The department announced the "acceleration of the dismantling" of the National Programme. But could not say how it had been accelerated or what exactly was being dismantled.

"The statement today is a commitment to accelerate the process," said a Department of Health spokeswoman. "We are not giving today the detail of what that will involve."

The department announced a year ago that it was scrapping the National Programme for IT and has been in negotiations with suppliers ever since.

It is still in negotiations with suppliers and still announcing that it is scrapping the programme. But it cannot accelerate anything until the negotiations are concluded.

Primary programme suppliers BT and CSC have contracts for the supply of patient systems that extend to April 2015 and hold the NHS to paying a further £2.91bn for the scheme, said the National Audit Office in May.

Also over the summer, the Cabinet Office Major Projects Authority sent DoH its recommendations for the future of NHS IT. The DoH spokeswoman said today the MPA had concurred with its year-ago announcement about the scrapping of the National Programme. The year-ago announcement, made by Health minister Simon Burns, had concurred with Cabinet Office IT policy. The DoH today said it was concurring with the MPA recommendations.

The DoH refused to publish the MPA report. It said it was a Cabinet Office report. The Cabinet Office, which is big on government "transparency", refused to publish the report. It said it was a report about the NHS and therefore the business of the DoH.

The DoH 2010 announcement had unveiled a "Connect-All" strategy. This would involve introducing common systems standards so that any supplier could supply any system to the NHS, simply plug it in and it would integrate and communicate with any other system. This was similar in principle to Cabinet Office policy for government IT.

Coincidentally, a story fell into your humble correspondent's lap this week that the System One patient system CSC has supplied to GPs and community Trusts under the programme was not compliant with the NHS Data Model and Dictionary. It was therefore not interoperable, and not in keeping with either the terms of its National Programme contract nor the "Connect-All" policies of the DoH and Cabinet Office.

DoH's negotiations with CSC are the most excruciating of matters that must be "accelerated" before it can get on with "dismantling" the National Programme. Neither party was able to confirm the rumour about CSC's interoperability.

Also coincidentally today, trade association Intellect, representative of BT and CSC, produced a report on the interoperability of NHS systems. DoH's non-announcement had included one new detail, which was that it and Intellect were going to conjure up a market for the supply of health computer systems.

The market had of course been asphyxiated by the DoH's previous collaboration with Intellect members in the National Programme. Intellect today said it aimed to "create a vibrant marketplace" for small health ICT suppliers by its new venture with the department. It attached the interoperability report to its press release.
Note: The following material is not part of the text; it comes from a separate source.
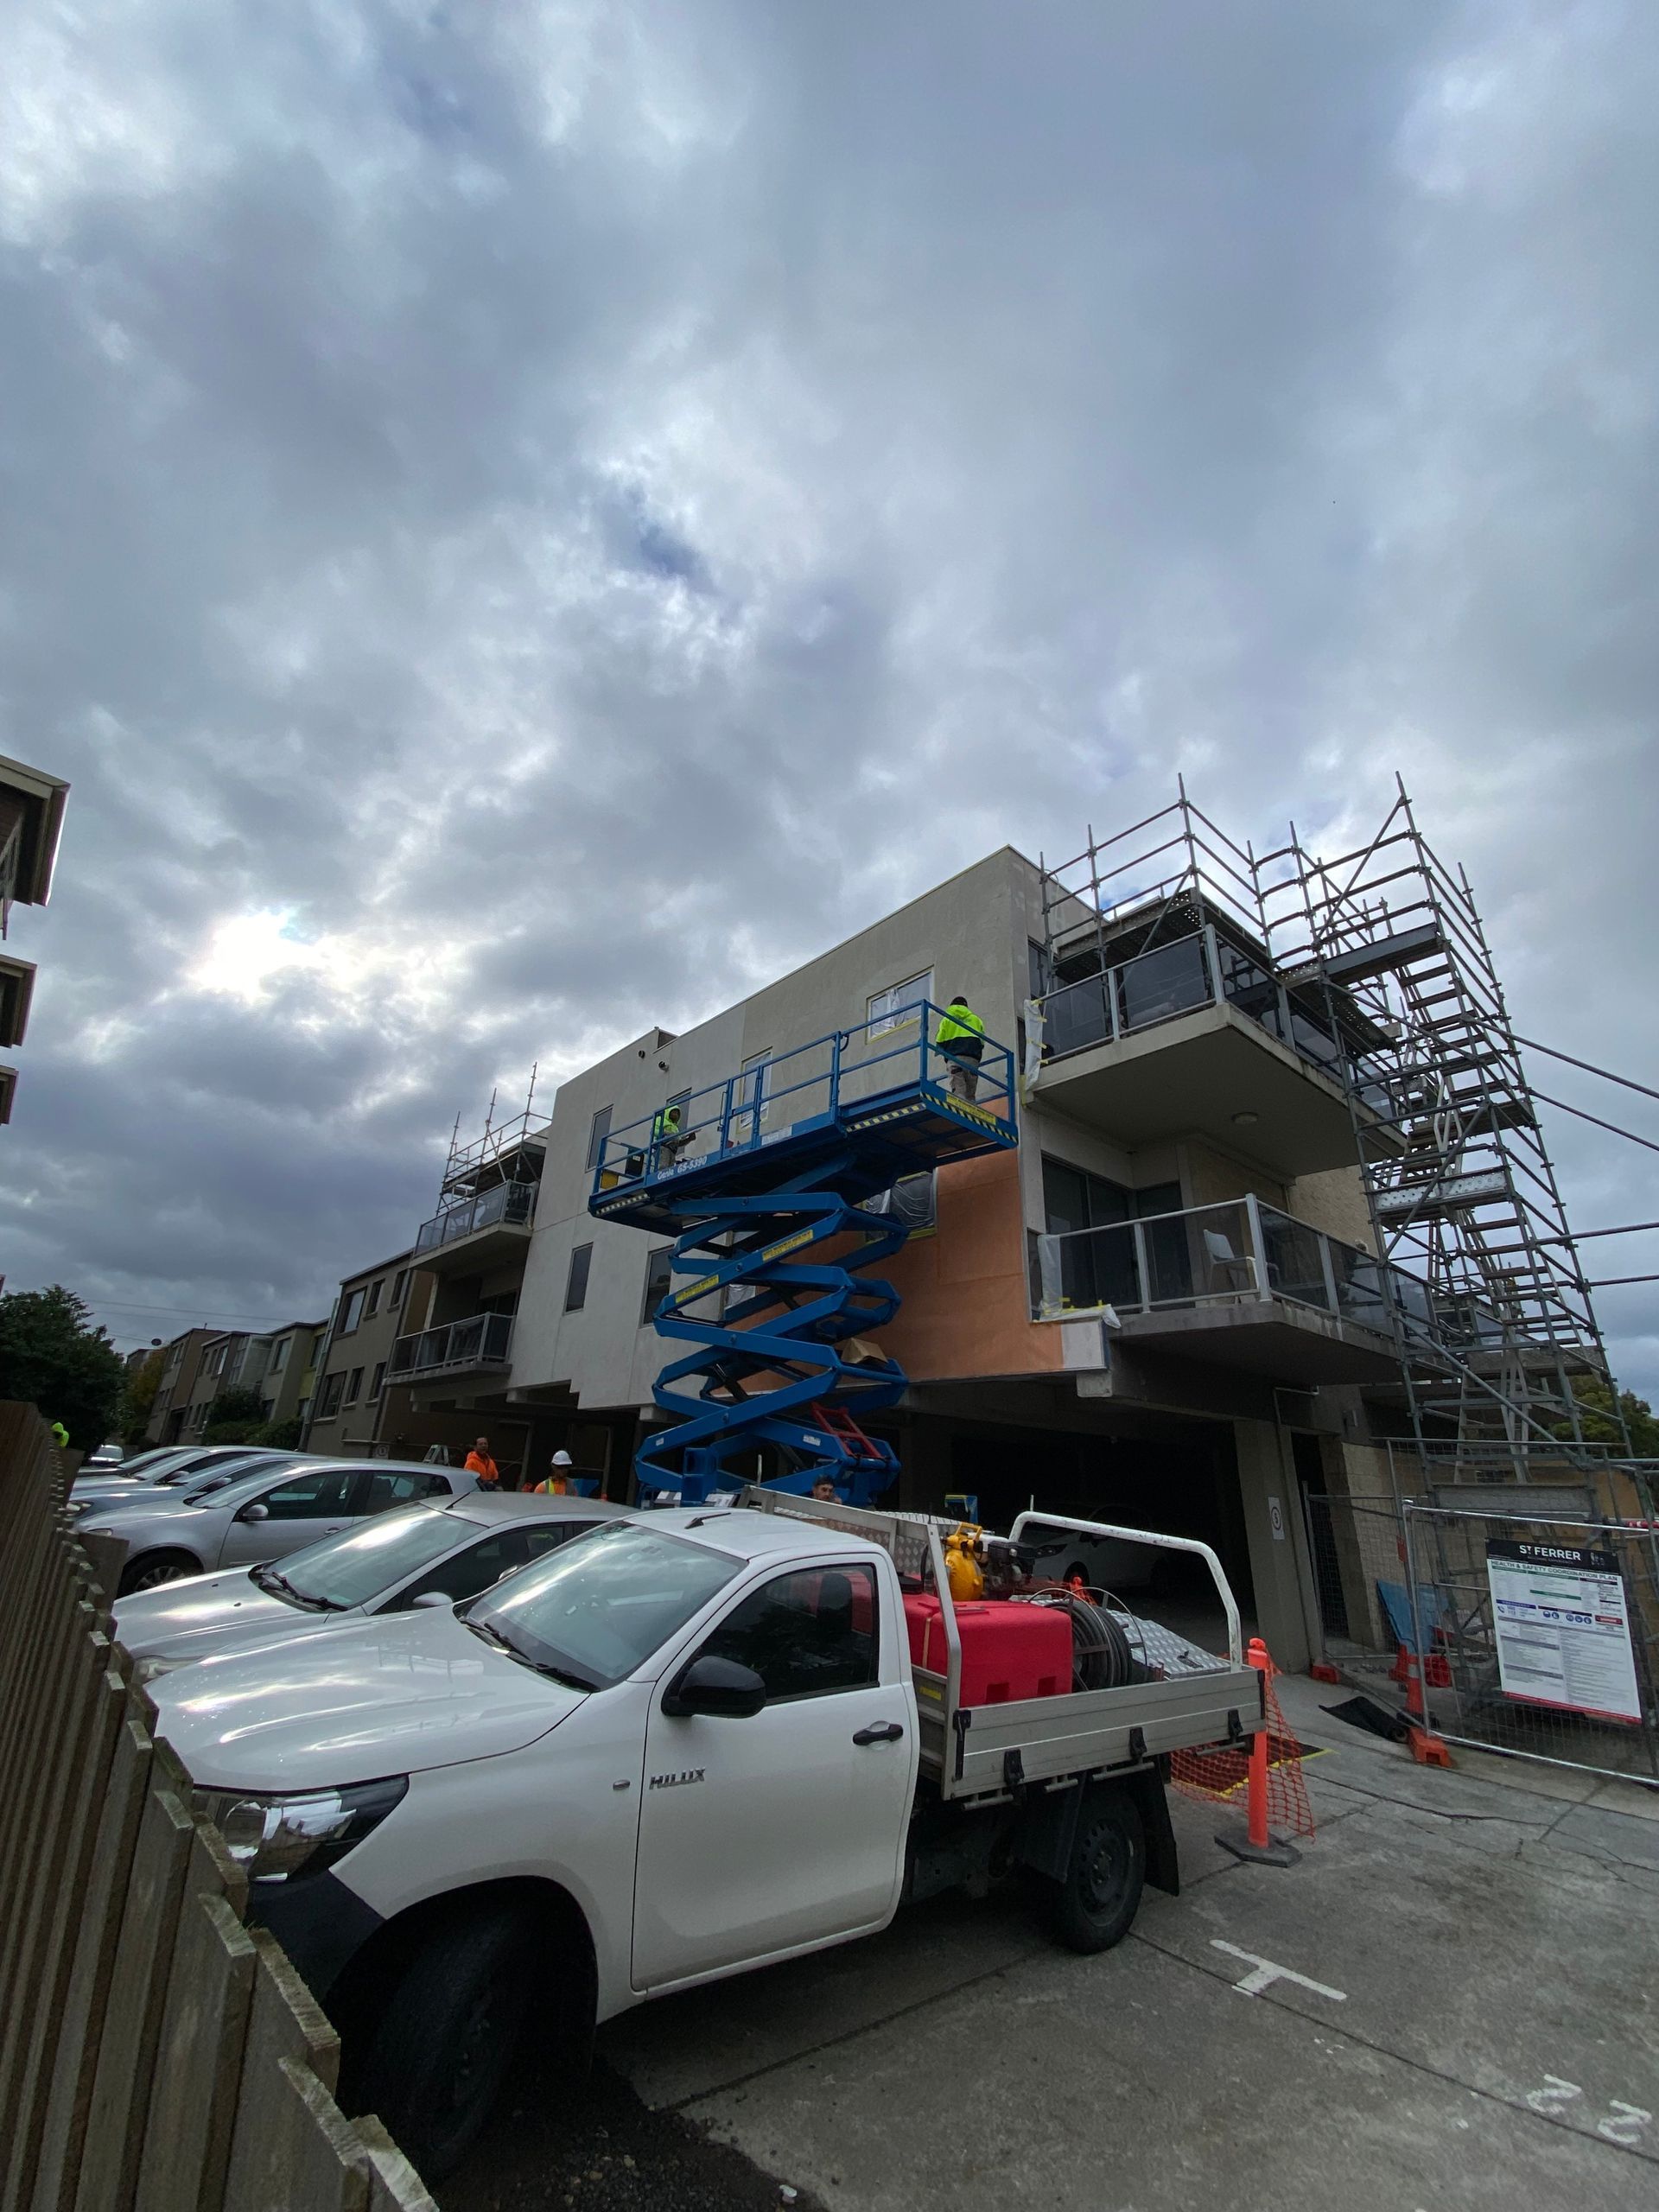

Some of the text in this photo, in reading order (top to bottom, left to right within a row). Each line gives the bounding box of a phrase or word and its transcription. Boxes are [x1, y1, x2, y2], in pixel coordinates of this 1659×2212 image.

[1534, 1548, 1582, 1560] FERRER
[1548, 1567, 1598, 1579] COORDINATION
[1599, 1573, 1618, 1581] PLAN
[649, 1767, 706, 1790] HILUX
The department refused to discuss what was really happening: that was its negotiations with suppliers. BT and CSC also refused to discuss the negotiations.
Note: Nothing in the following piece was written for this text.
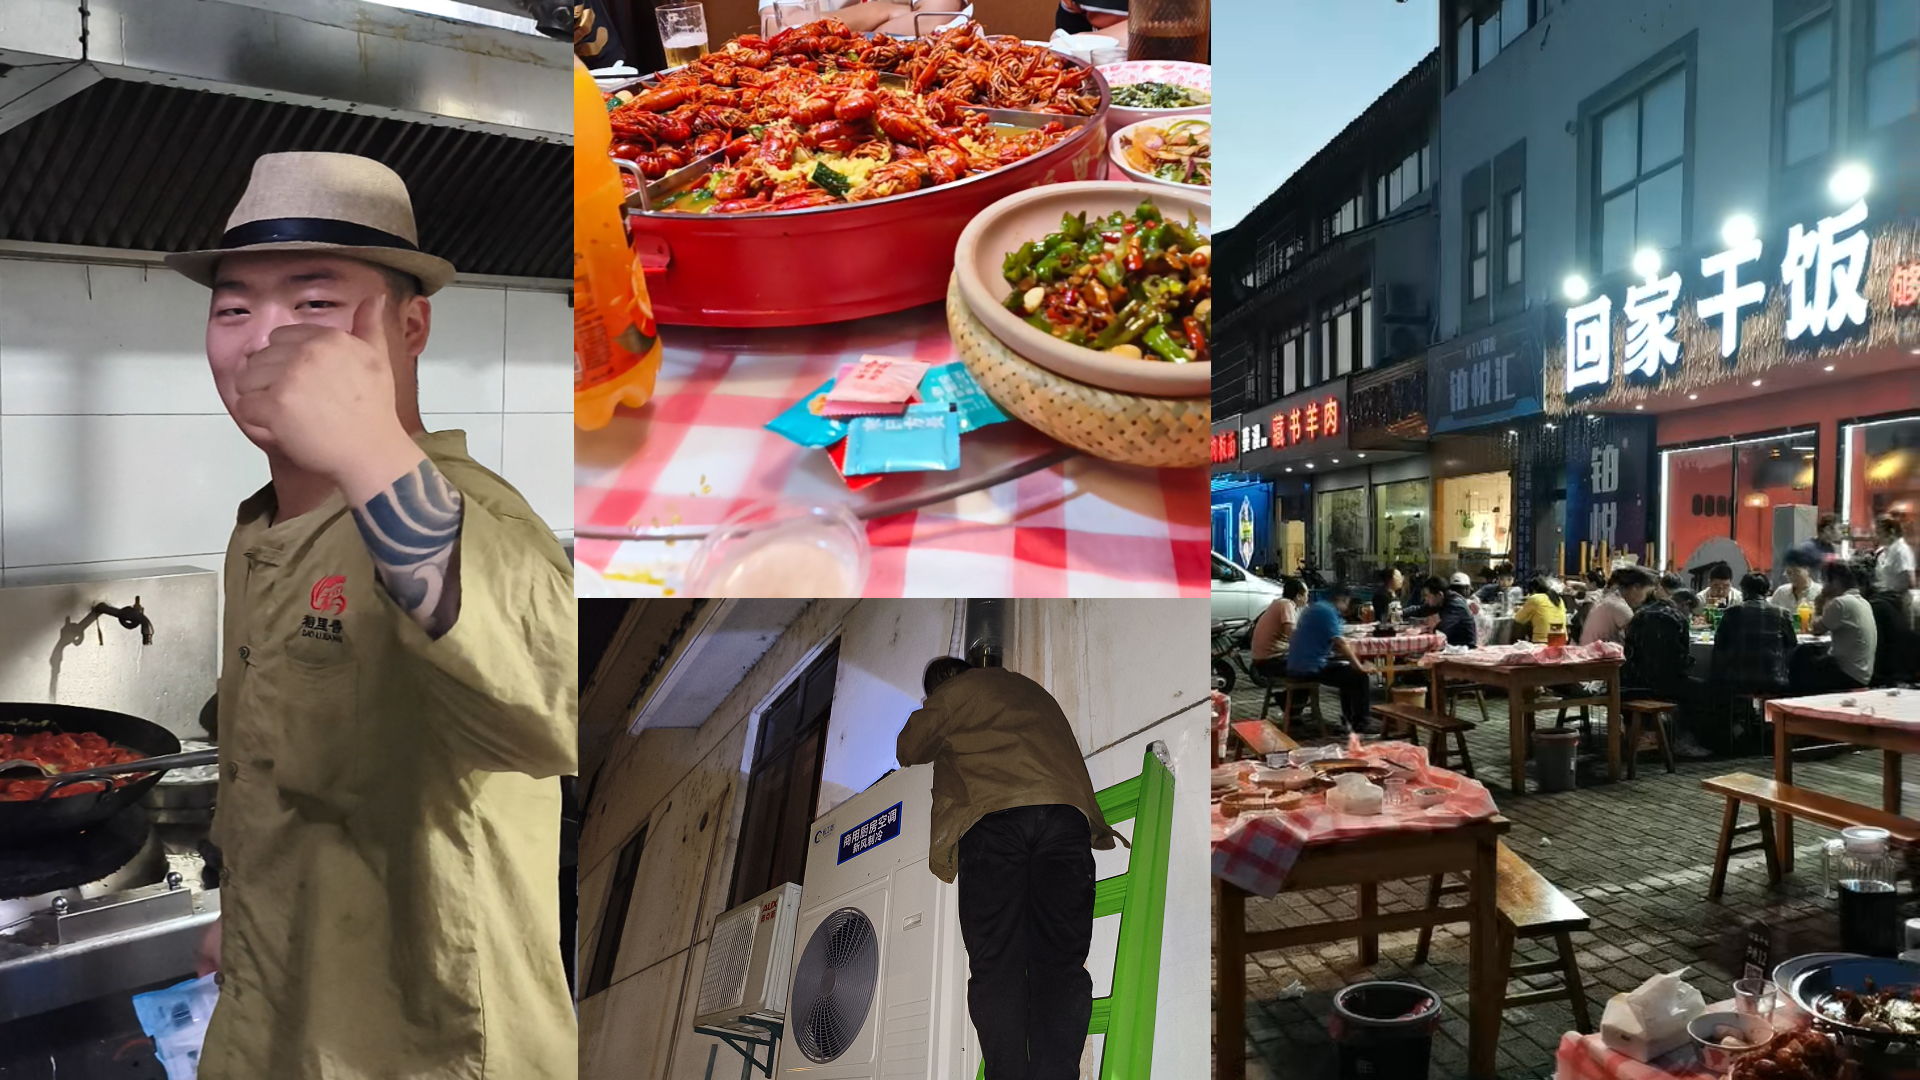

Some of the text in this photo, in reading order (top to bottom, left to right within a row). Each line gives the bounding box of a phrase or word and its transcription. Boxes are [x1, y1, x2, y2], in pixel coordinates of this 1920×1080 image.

[1565, 198, 1870, 394] 回家干饭
[1272, 396, 1338, 449] 藏书羊肉
[843, 808, 897, 848] 商用厨房空调
[852, 830, 884, 854] 新风制冷
All it and suppliers would say in addition was how much the National Programme had actually bought with the £6.35bn it had spent to date. That amounted to a national network, email and booking systems, and software to archive medical images.
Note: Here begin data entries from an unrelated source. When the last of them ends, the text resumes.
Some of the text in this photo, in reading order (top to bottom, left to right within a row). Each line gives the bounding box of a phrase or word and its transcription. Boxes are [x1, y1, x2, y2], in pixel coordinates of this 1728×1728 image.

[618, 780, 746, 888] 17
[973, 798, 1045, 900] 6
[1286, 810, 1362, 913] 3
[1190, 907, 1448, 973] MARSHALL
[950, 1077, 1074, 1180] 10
Commentators thus found it hard to grasp exactly what had happened today. The Daily Mail reported: "£12bn NHS computer system is scrapped... and it's all YOUR money that Labour poured down the drain".

A hubbub ensued. The DoH was scheduled to make a major announcement about the programme later today. Word was, it was going to be scrapped.

David Rose, assistant news editor of The Times newspaper, got closer to the truth, or at least expressed a view that has echoed around the corridors of National Programme suppliers today: "Lansley bashes Labour ahead of that party's conference?," he tweeted this morning.

Health Secretary Andrew Lansley had coincidentally been doing the rounds with a complaint about the financing deals the last Labour government had used to build hospitals. The deals had many years to run. They were expensive. They didn't fit with the coalition government's aim to dismantle the NHS...

Lansley didn't really say he planned to dismantle the NHS. His department presumably only wanted to dismantle the National Programme, and hospitals, and any residual reason anyone might have to suppress their cynicism in face of such flimflam.


BT said in a statement it was not renegotiating its NHS National Programme contracts with Department of Health. It was nevertheless in talks of one form or another about the future of its relationship with DoH.

That was relayed in media-speak: BT "continues to work with the Department to explore how best to meet the needs of the modern NHS".

That includes also the contract BT has to supply care records systems to acute trusts in London at a price nearly 50 per cent over prices expected even in the £multi-billion National Programme.

Shortly after the publication of this article, the Cabinet Office published its Major Projects Authority review of the National Programme. It has not published other reviews and has been unable to say whether its policy is now to publish its reviews or not.

The BT London contract had anyway been so poorly managed, said the MPA Review, it had a "crisis" that almost resulted in termination. All has been well, apparently, since about January.

That raises further doubts about the department's claim to have "accelerated the dismantling" of the Programme.

£8.8m NHSIT threat "hypothetical" (but already served its use)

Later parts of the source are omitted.